● Provided records:

--------

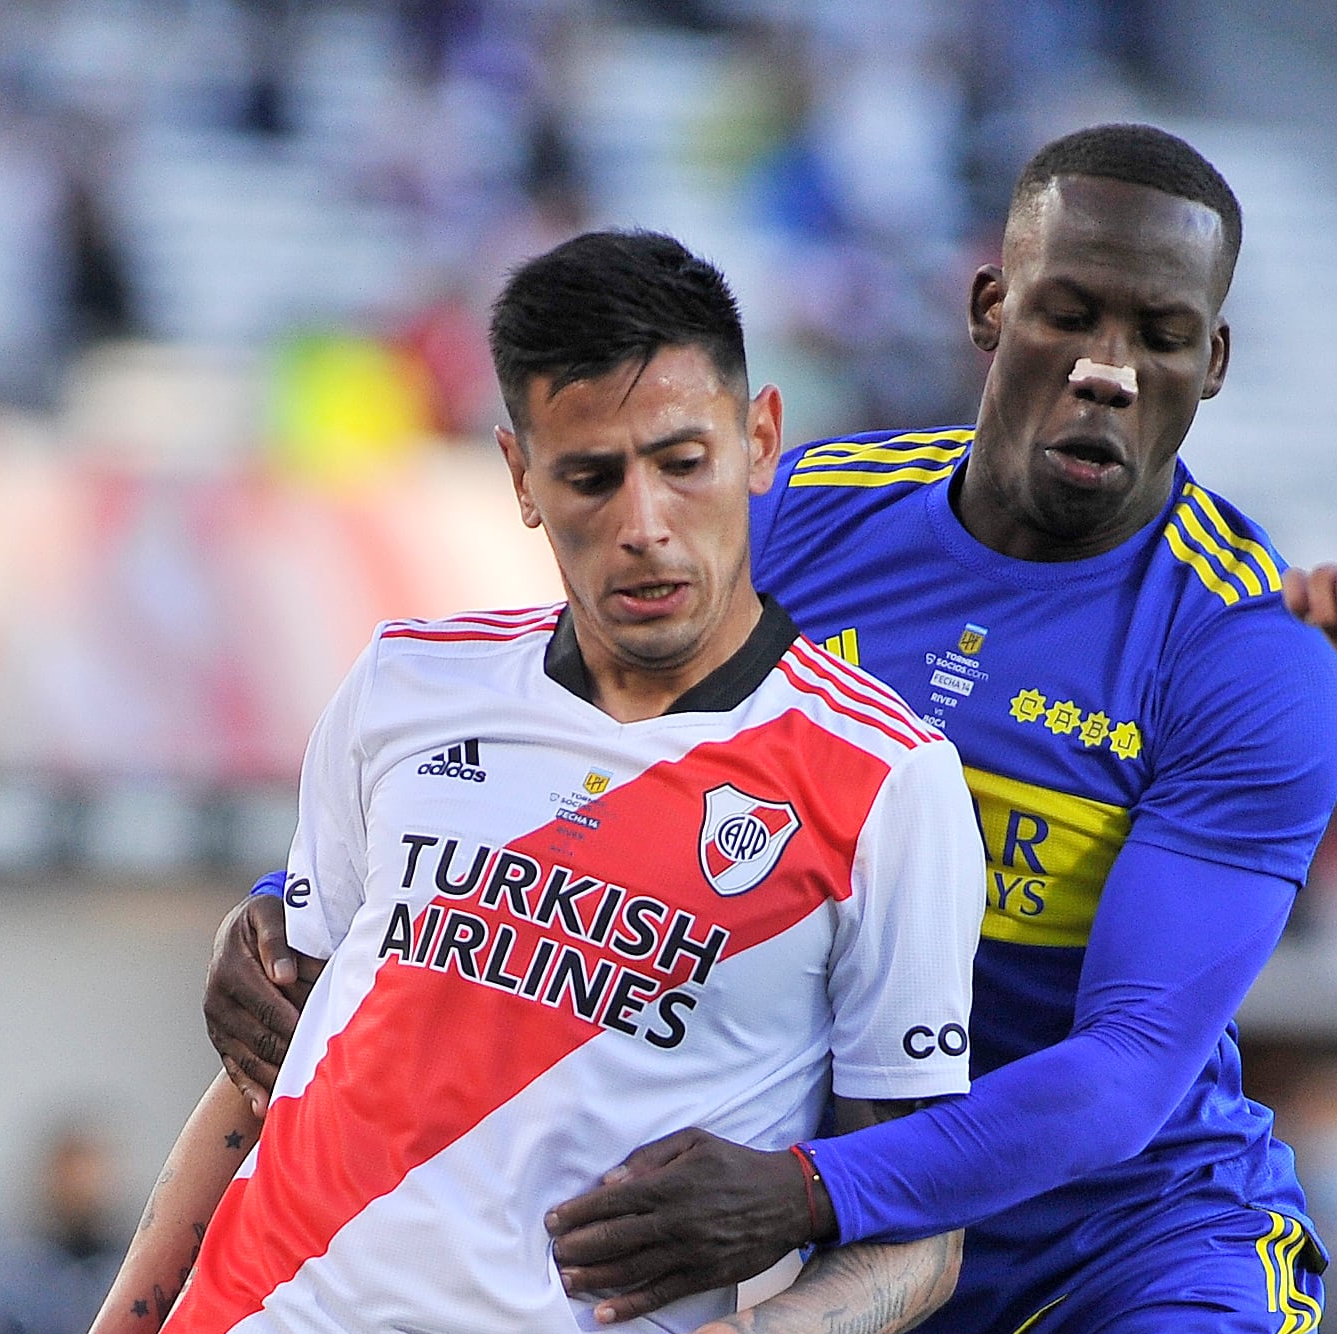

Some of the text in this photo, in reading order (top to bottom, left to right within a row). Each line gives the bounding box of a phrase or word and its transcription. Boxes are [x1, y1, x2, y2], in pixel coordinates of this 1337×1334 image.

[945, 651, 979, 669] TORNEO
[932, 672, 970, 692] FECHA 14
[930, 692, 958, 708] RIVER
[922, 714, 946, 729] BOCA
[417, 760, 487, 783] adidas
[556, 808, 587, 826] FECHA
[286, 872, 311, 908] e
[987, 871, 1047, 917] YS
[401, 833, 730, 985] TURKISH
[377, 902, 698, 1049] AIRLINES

--------

Leave every image out and retype the entries above word for word.

Some of the text in this photo, in reading order (top to bottom, left to right within a row). Each line gives the bounding box of a phrase or word and its transcription. Boxes are [x1, y1, x2, y2], in pixel coordinates of this 1337×1334 image.

[945, 651, 979, 669] TORNEO
[932, 672, 970, 692] FECHA 14
[930, 692, 958, 708] RIVER
[922, 714, 946, 729] BOCA
[417, 760, 487, 783] adidas
[556, 808, 587, 826] FECHA
[286, 872, 311, 908] e
[987, 871, 1047, 917] YS
[401, 833, 730, 985] TURKISH
[377, 902, 698, 1049] AIRLINES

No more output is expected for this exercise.